Risques inhérents à la prématuritéCertains risques et certaines pathologies sont plus importants que pour un bébé né à terme :
- Les infections au niveau des poumons, des méninges, des articulations
- Les risques de fausse route alimentaire
- Les risques de reflux gastro-oesophagien (retour des aliments contenus dans l'estomac vers l'œsophage et la bouche)
- Il existe un risque de déshydratation (perte de liquide)
- En ce qui concerne le cœur, la persistance du canal artériel (faisant communiquer l'artère pulmonaire et l'aorte, comme avant la naissance), peut entraîner un risque de mauvais fonctionnement cardiaque à type de décompensation.
- Il existe un risque d'hémorragie se situant à l'intérieur des ventricules cérébraux (cavités situées dans le cerveau et contenant le liquide céphalorachidien) pouvant s'accompagner d'une hydrocéphalie (augmentation du volume de liquide céphalorachidien).
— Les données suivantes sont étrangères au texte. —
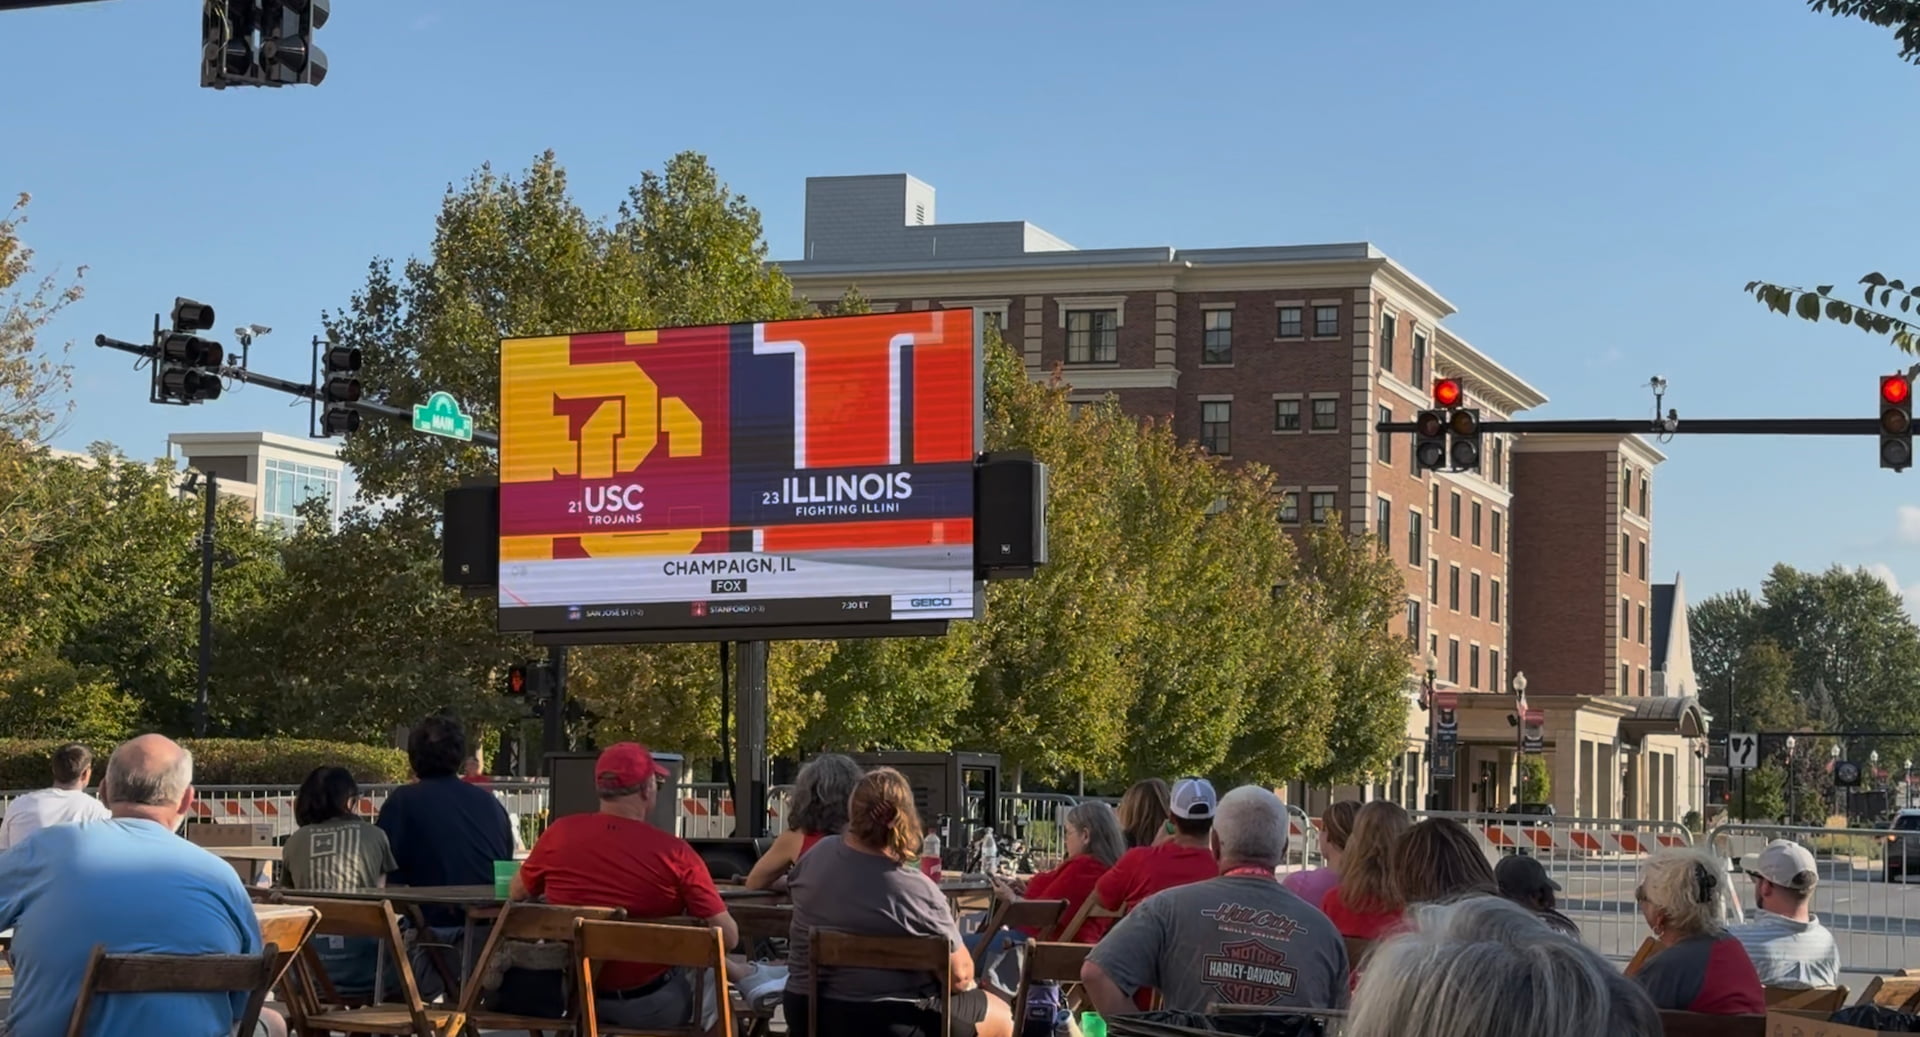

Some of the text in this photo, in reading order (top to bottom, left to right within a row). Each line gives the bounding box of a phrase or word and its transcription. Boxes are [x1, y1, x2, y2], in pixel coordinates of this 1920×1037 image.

[432, 413, 454, 432] MAIN
[762, 472, 912, 504] 23 ILLINOIS
[568, 484, 645, 513] 21 USC
[796, 502, 900, 516] FIGHTING ILLINI
[587, 513, 643, 525] TROJANS
[663, 557, 796, 576] CHAMPAIGN, IL
[716, 580, 741, 592] FOX
[710, 605, 750, 614] STANFORD
[910, 598, 953, 608] GEICO
[586, 609, 601, 617] SAN
[620, 608, 630, 617] ST
[1209, 961, 1293, 988] HARLEY-DAVIDSON
- Le risque d'apnée (arrêt de la respiration) est aggravé par le stress mais également par la baisse de la température, par le risque d'infection et par la baisse de la quantité d'oxygène absorbée par le bébé.
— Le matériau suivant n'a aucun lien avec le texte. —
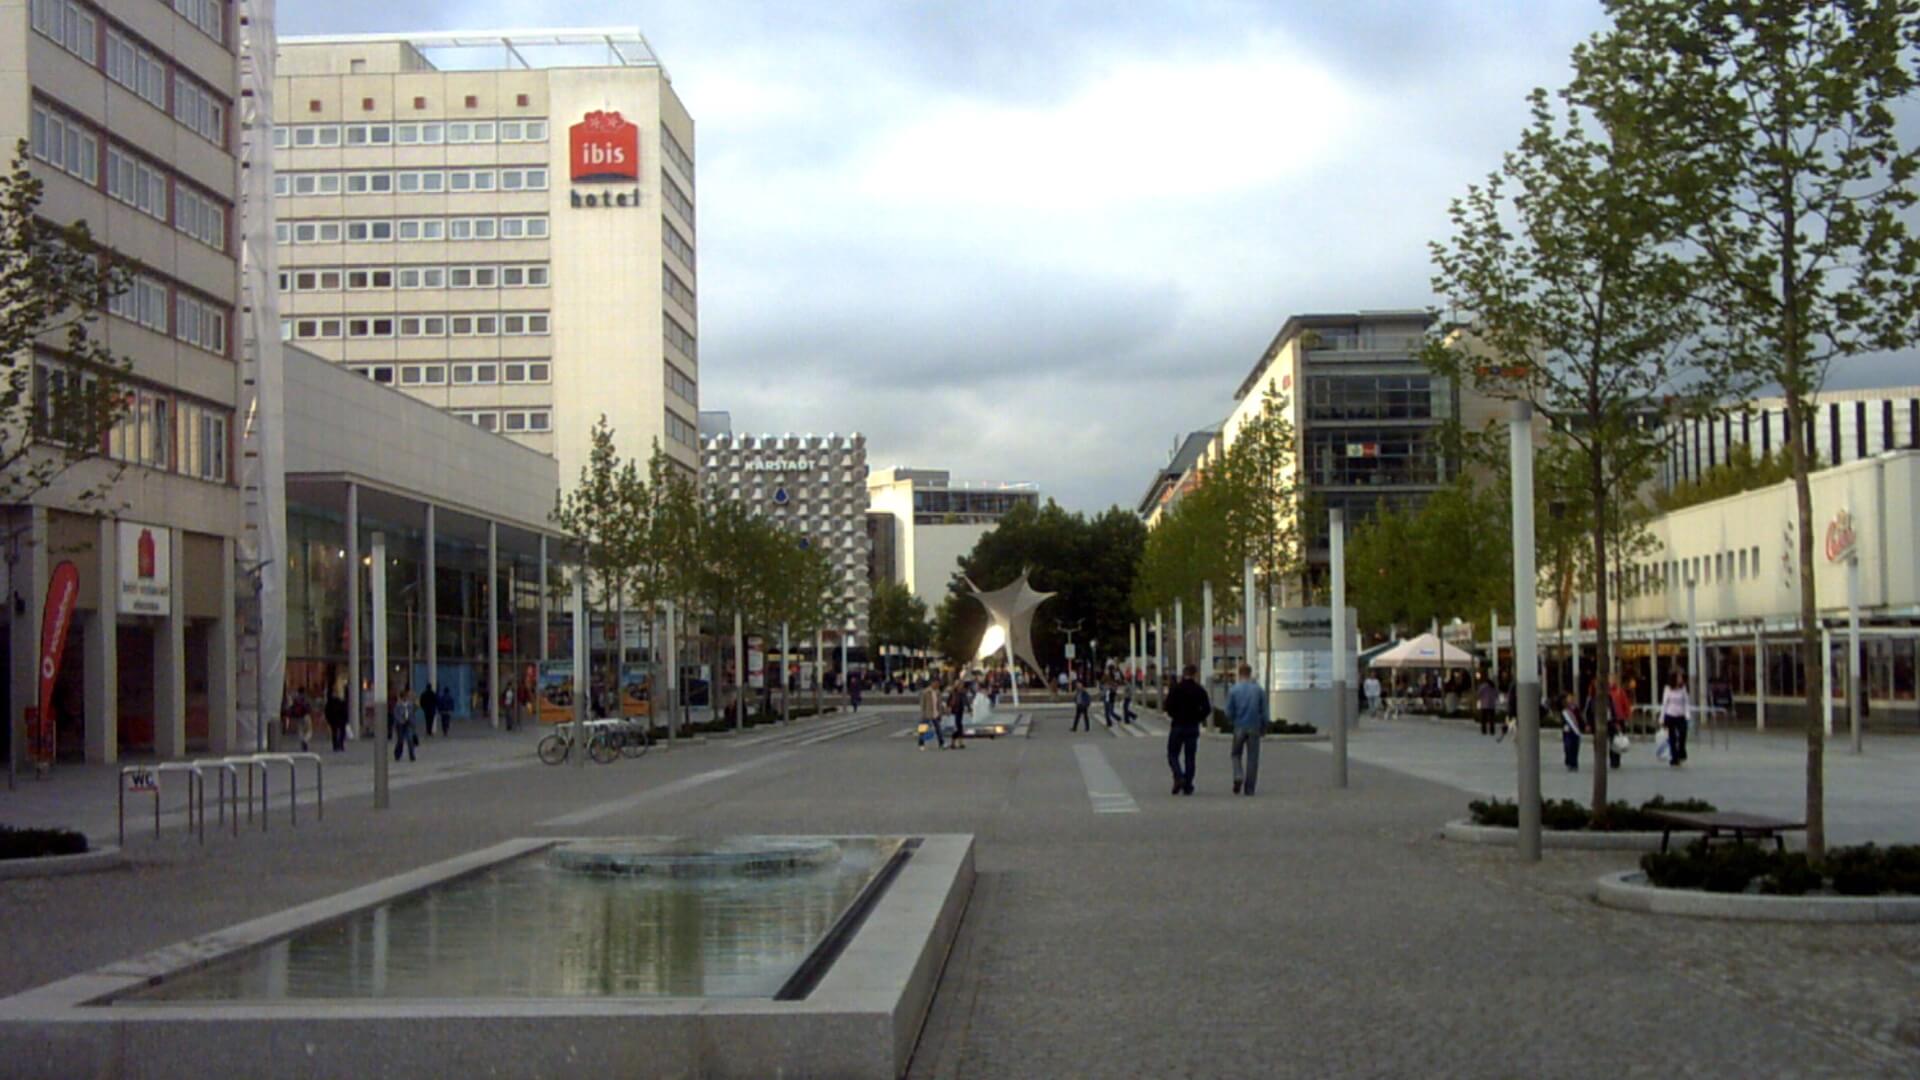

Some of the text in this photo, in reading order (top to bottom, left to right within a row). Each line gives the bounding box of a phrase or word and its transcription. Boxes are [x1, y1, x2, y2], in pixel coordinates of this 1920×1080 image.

[582, 142, 625, 165] ibis
[570, 187, 640, 208] hotel
[744, 459, 816, 472] KARSTADT
[132, 771, 155, 786] WC
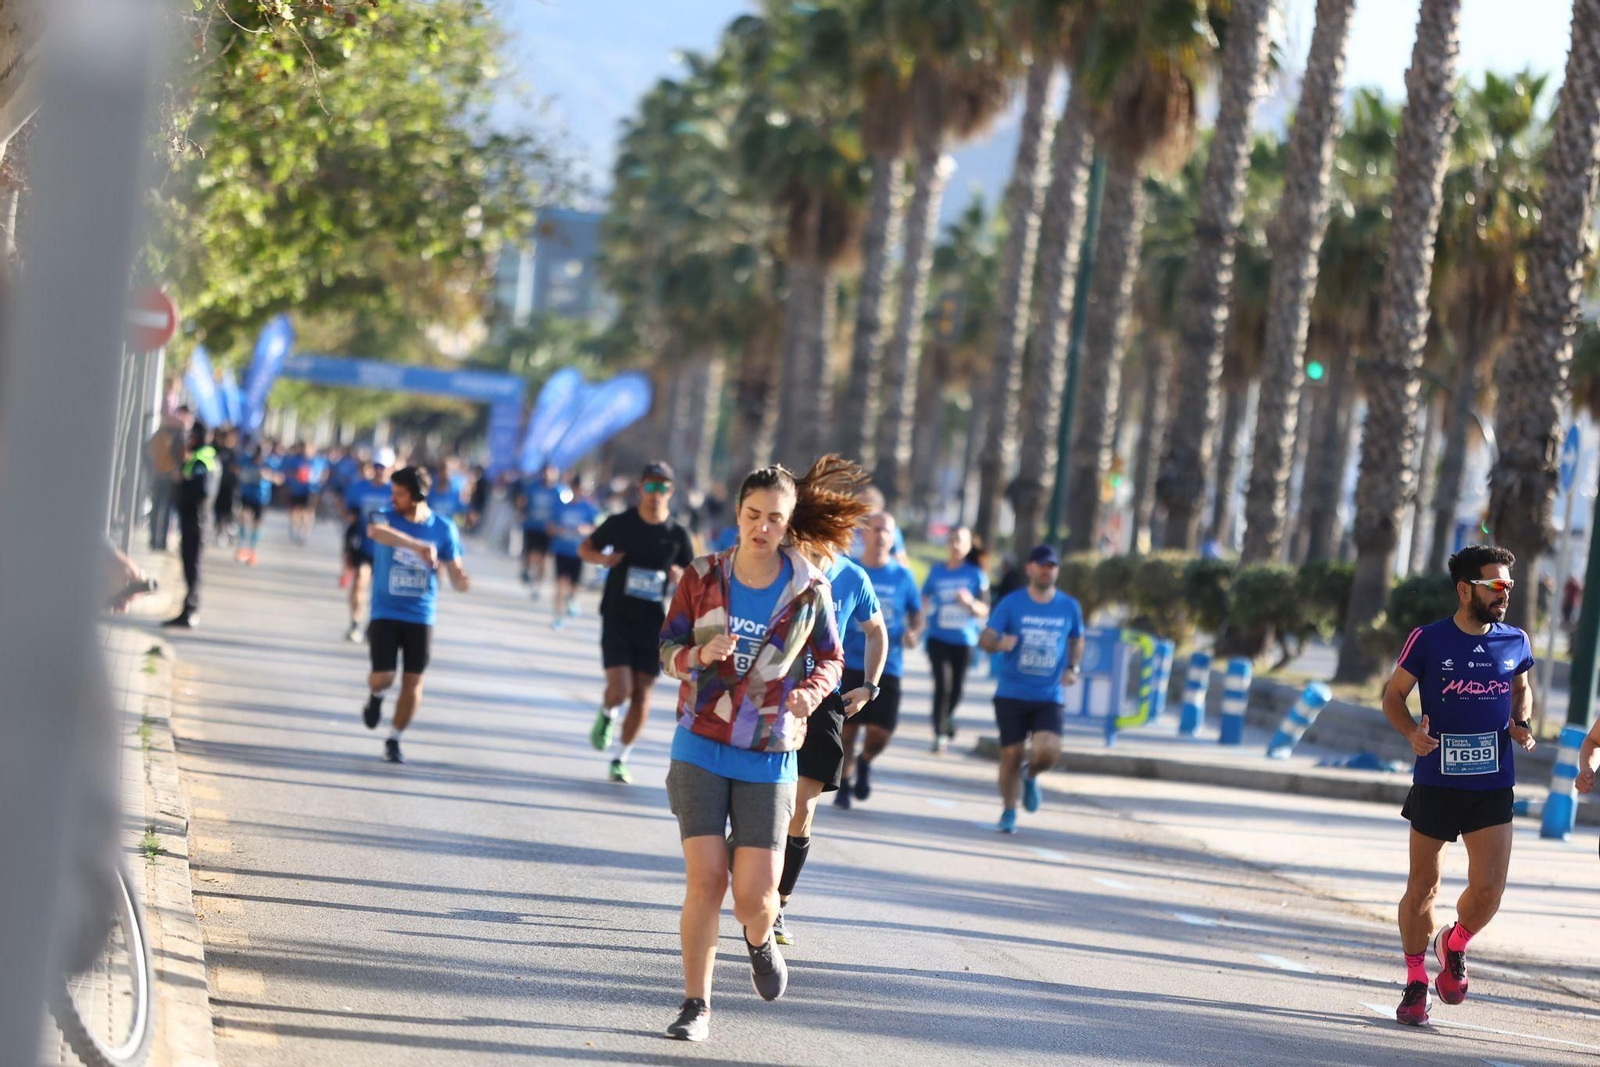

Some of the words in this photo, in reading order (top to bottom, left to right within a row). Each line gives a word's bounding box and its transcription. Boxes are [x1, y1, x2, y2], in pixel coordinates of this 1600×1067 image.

[1021, 615, 1065, 628] mayoral
[1442, 680, 1510, 695] MADRID
[1449, 748, 1491, 761] 1699
Les complications les plus fréquentes et les plus redoutées touchent essentiellement l'appareil neurologique, il s'agit de :
- 5 à 10 % de risque de survenue de leucomalacie périventriculaire se caractérisant par des destructions de la substance blanche située autour des ventricules cérébraux (cavités contenant le liquide céphalorachidien à l'intérieur du cerveau). Il y a, dans ce cas, des séquelles neurologiques.
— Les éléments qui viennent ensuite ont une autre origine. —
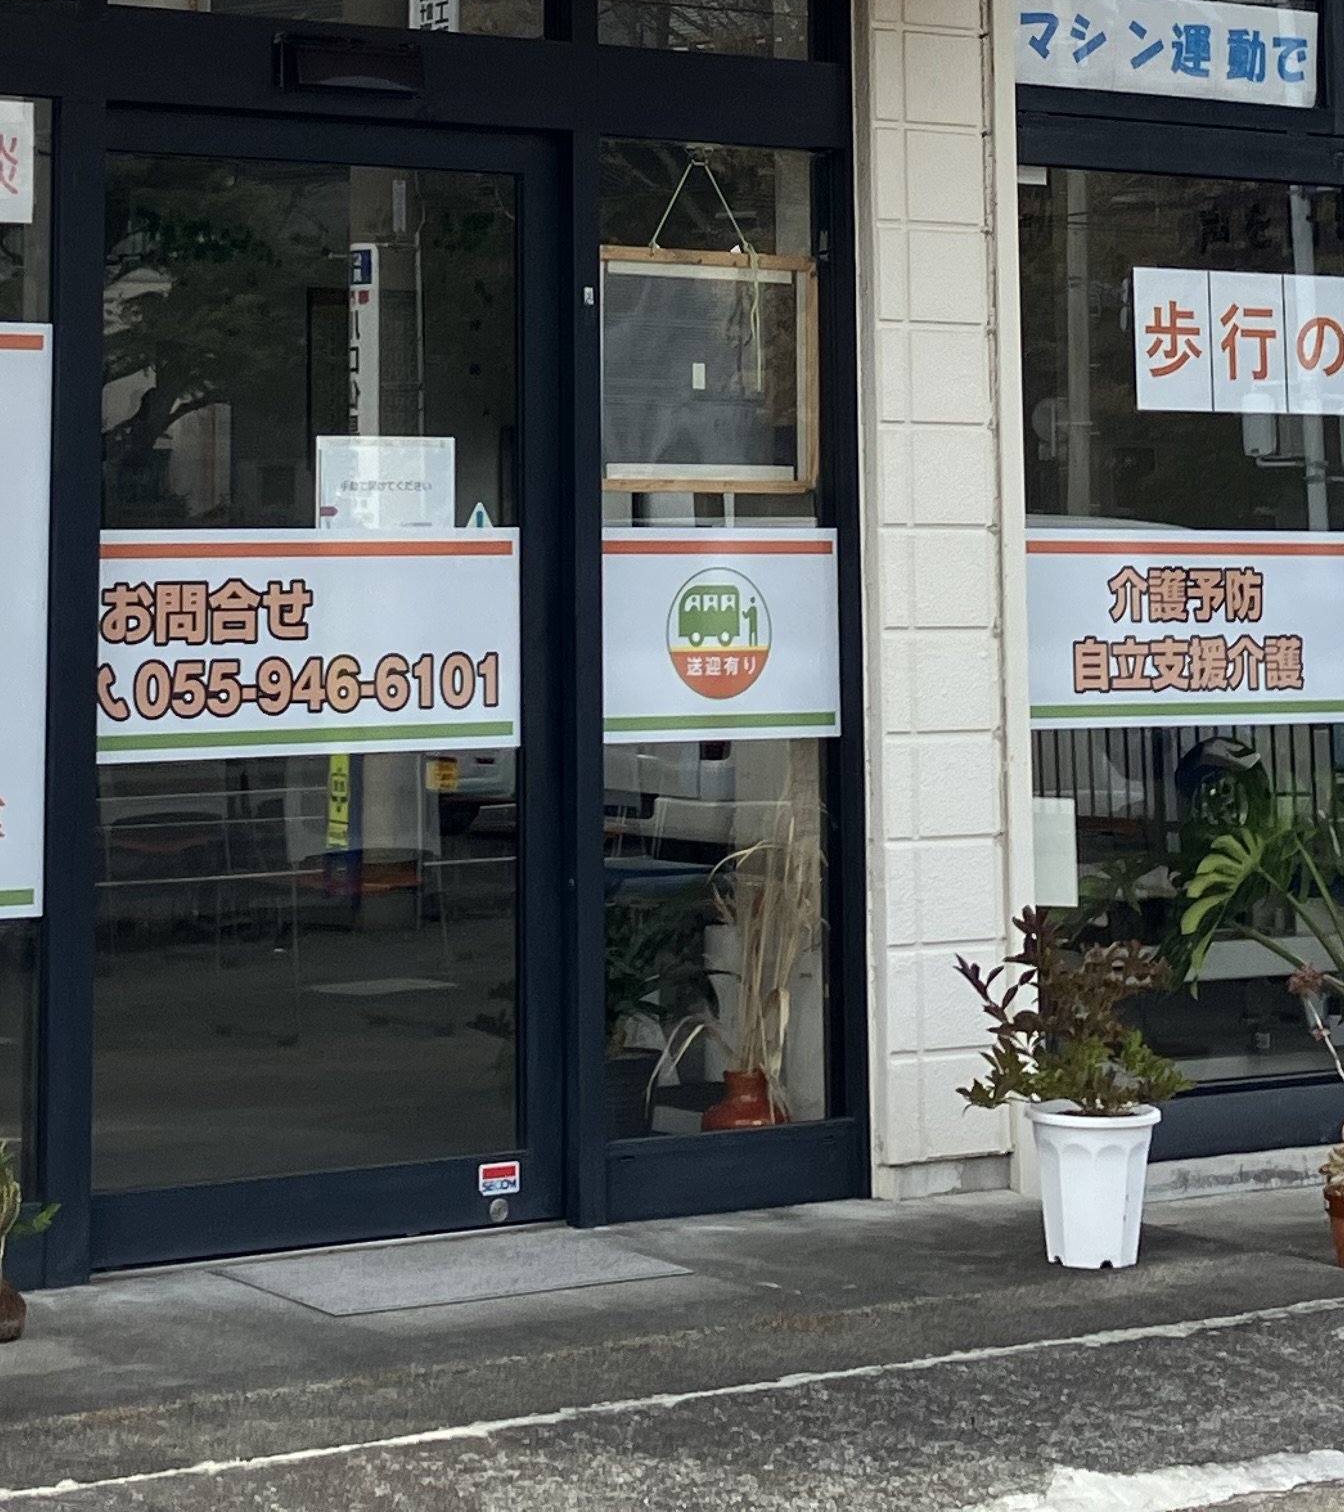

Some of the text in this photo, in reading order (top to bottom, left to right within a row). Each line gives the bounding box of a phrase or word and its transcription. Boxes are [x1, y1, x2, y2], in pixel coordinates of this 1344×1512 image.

[1018, 12, 1308, 84] マシン運動で
[101, 578, 313, 646] お問合せ
[1107, 565, 1263, 623] 介護予防
[134, 652, 500, 720] 055-946-6101
[686, 655, 756, 677] 送迎有り
[1073, 634, 1304, 693] 自立支援介護
- Hémorragies intraventriculaires (10 à 20 %). Dans ce cas, le pronostic varie en fonction de l'hémorragie, si elle est accompagnée ou pas d'une hydrocéphalie (augmentation de volume du crâne due à une quantité anormale de liquide céphalorachidien). Quand l'hémorragie intraventriculaire est isolée et qu'il n'existe pas d'autres lésions, le pronostic est bon.